Article posted on febrero 27, 2003

163 people from Bosnia and Hercegovina now living in Chicago and St Louis gave blood samples last week, hoping to find their missing loved ones.The International Commission on Missing Persons’ mission to Chicago, which was primarily to attend the convention of the American Academy of Forensic Sciences was a great success. The 17 presentations made by its scientists and managers has put the ICMP firmly among world leaders in both traditional forensic techniques and DNA analysis. According to Ed Huffine, Director of the DNA programme:

” We were asked if we would share the DNA testing procedures that we have developed and we will. The international forensic community is now aware of ICMP’s staff, accomplishments and standards.”

But the trip achieved much more. Bosnian and Hercegovinan communities took advantage of the ICMP presence to ask if their members could donate blood samples to be added to the DNA database. Every evening there was a line of families waiting to tell their stories and give a sample. People from Srebrenica, Prijedor, Vlasenica and other towns and villages came from all around the Chicago area, and beyond, with two families travelling over eight hours each way through appalling weather to come from Canada. When the ICMP team heard that a busload of people planned to travel from St Louis in order to take part, they agreed to extend their trip by one day in order to go to this mid-West city, now home to over 40,000 people from former Yugoslavia. This special visit resulted in 56 blood samples and a ray of hope for families.

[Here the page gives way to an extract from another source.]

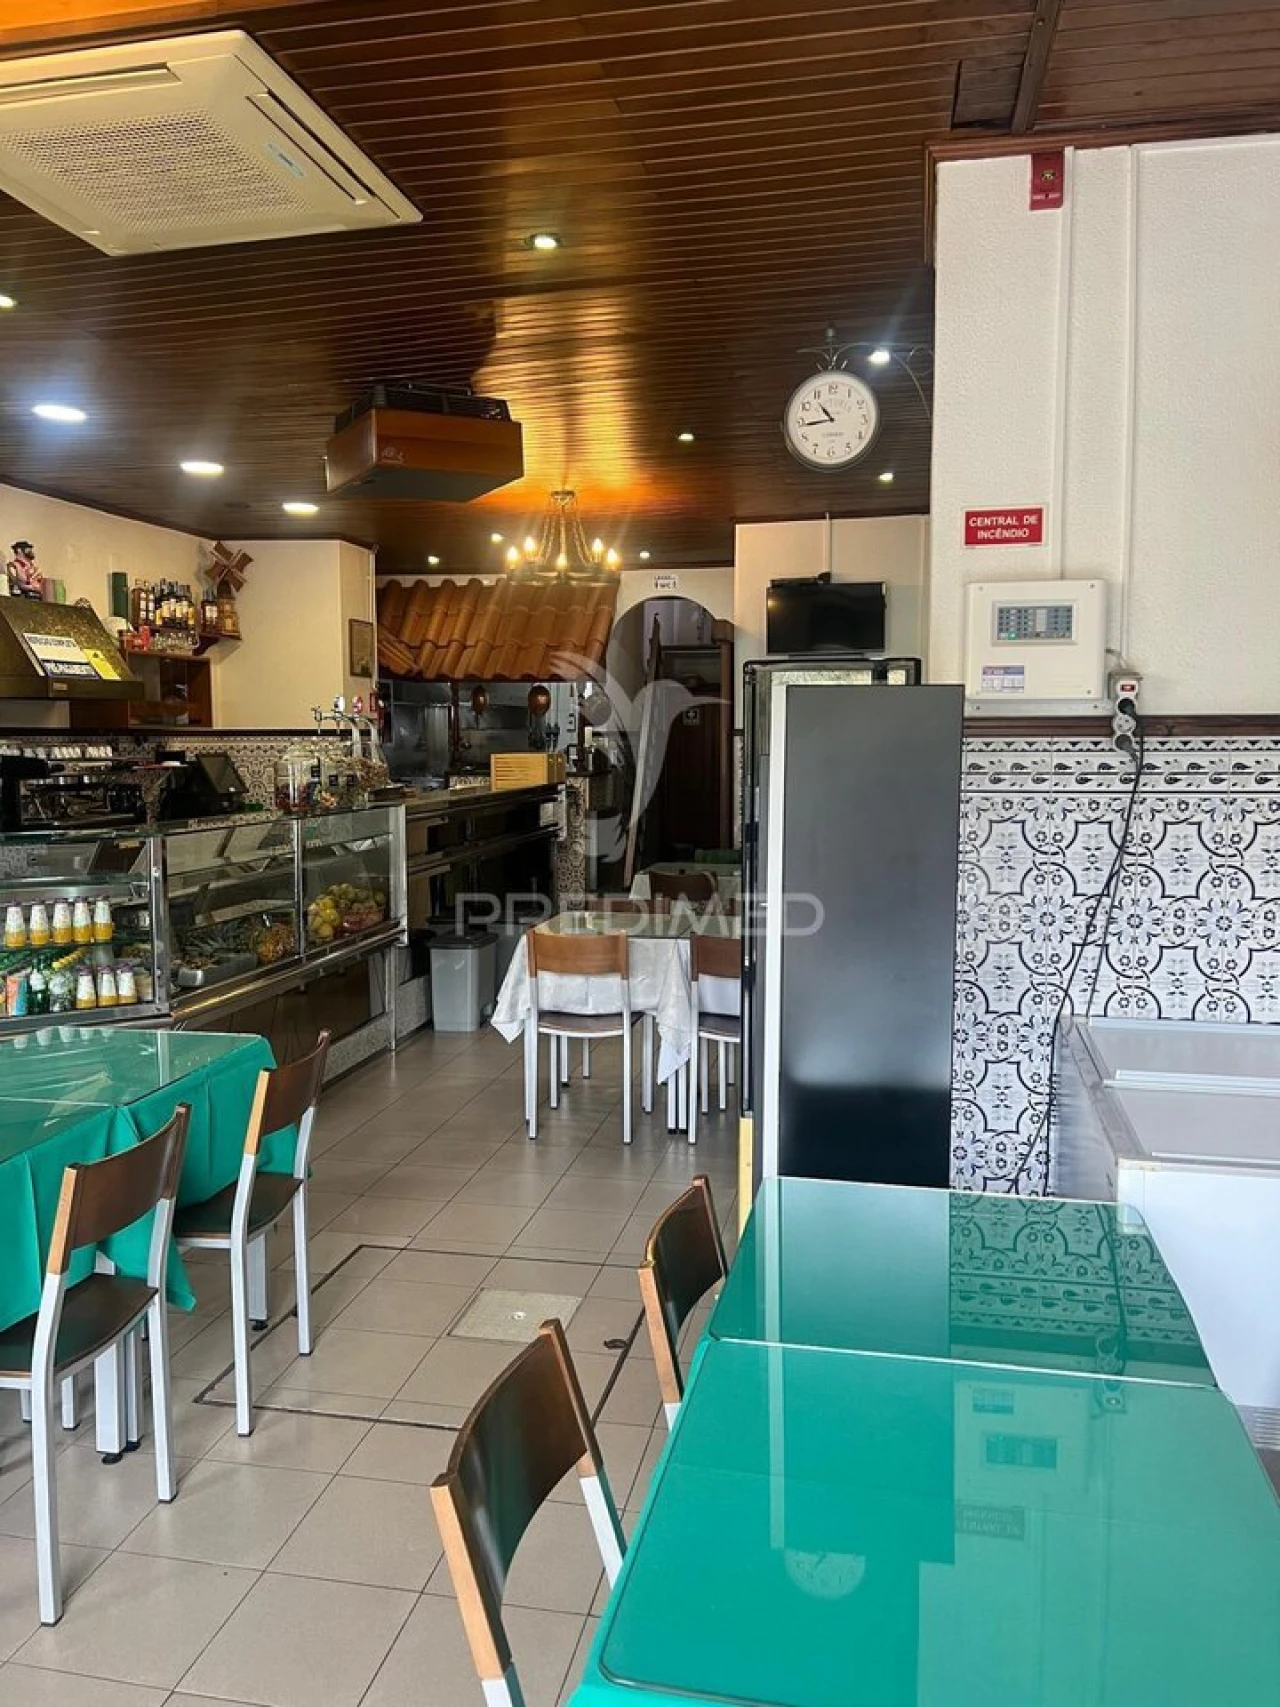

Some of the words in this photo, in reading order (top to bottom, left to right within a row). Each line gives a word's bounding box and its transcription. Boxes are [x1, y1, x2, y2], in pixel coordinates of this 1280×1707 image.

[969, 516, 1019, 527] CENTRAL
[1023, 514, 1039, 525] DE
[977, 528, 1029, 539] INCÊNDIO

This was the first time that ICMP have taken blood samples outside the Balkan region, and they hope to do more in the future, taking in the European Union, the USA, Canada, Australia, Switzerland and Norway. Gordon Bacon, ICMP Chief of Staff, had this to say:

“We are very grateful to those community leaders and media, both in America and BiH, who helped us in this pilot project. We now know the need is there. We hope that in future funds will permit us to extend our activities to include families who have left the region but who want to know what happened to their loved ones.”

ICMP have also set up contacts with local doctors and the American Red Cross who will offer a future facility for blood sample donations in their local communities.